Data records

════

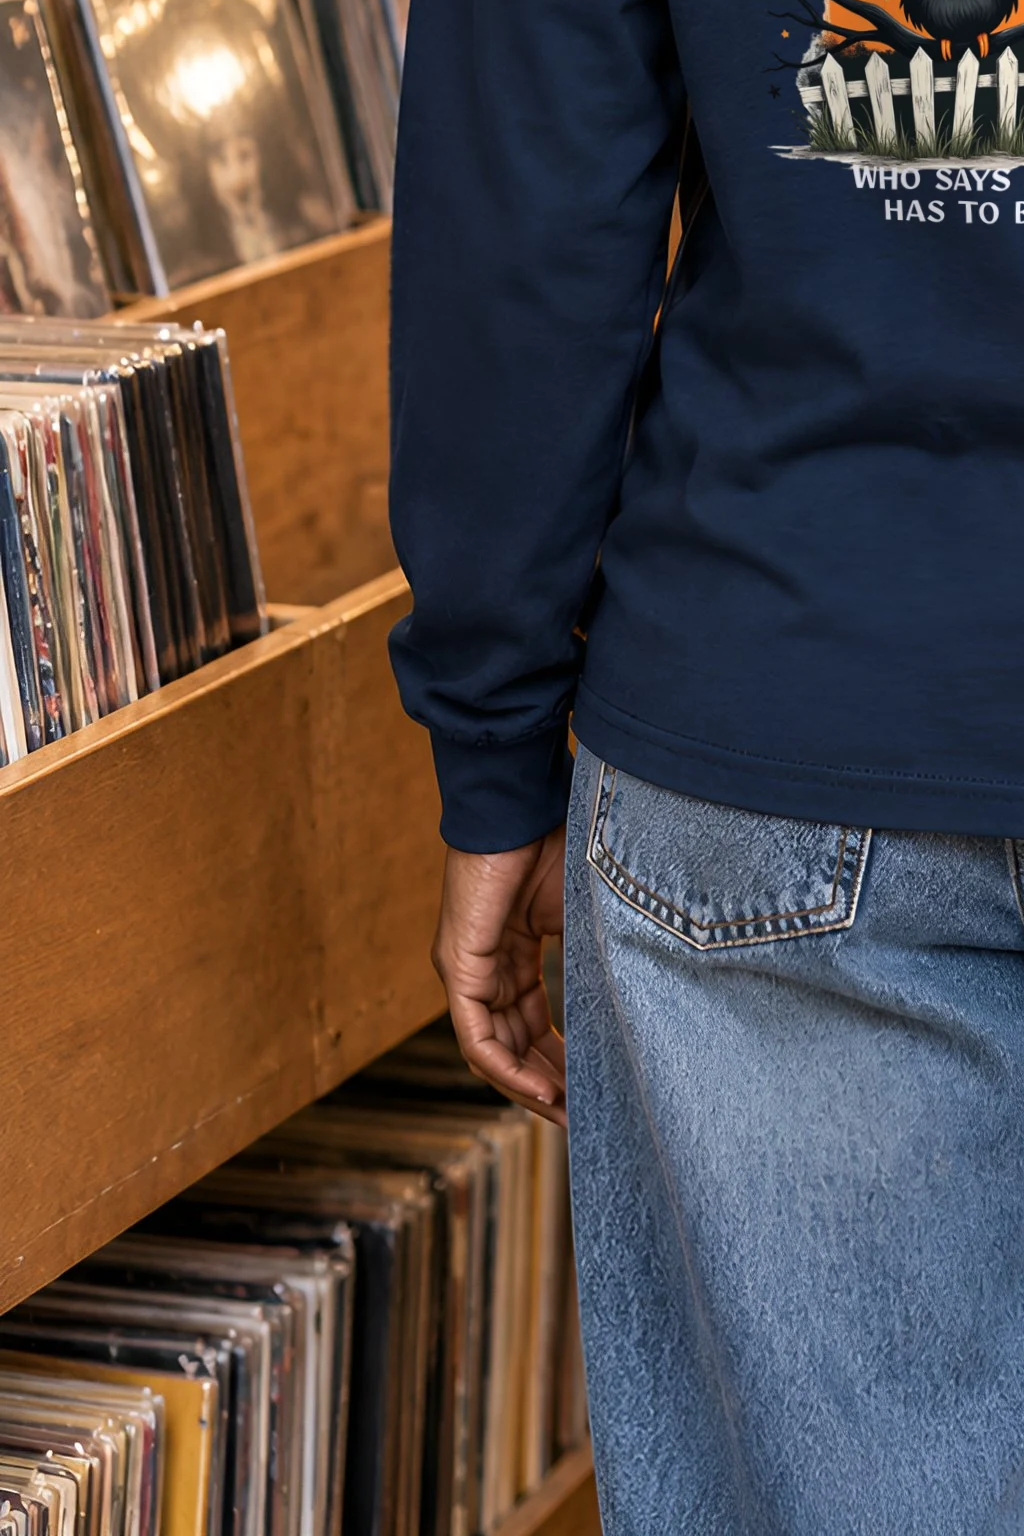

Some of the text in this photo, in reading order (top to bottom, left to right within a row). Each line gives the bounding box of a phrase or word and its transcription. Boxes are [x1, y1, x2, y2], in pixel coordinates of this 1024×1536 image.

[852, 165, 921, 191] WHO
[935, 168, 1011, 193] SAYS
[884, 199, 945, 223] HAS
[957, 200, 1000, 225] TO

════

What is expected: The response consists of the data above printed line for line, with no pictures.

Exercise response:
Some of the text in this photo, in reading order (top to bottom, left to right within a row). Each line gives the bounding box of a phrase or word and its transcription. Boxes are [x1, y1, x2, y2], in pixel coordinates of this 1024×1536 image.

[852, 165, 921, 191] WHO
[935, 168, 1011, 193] SAYS
[884, 199, 945, 223] HAS
[957, 200, 1000, 225] TO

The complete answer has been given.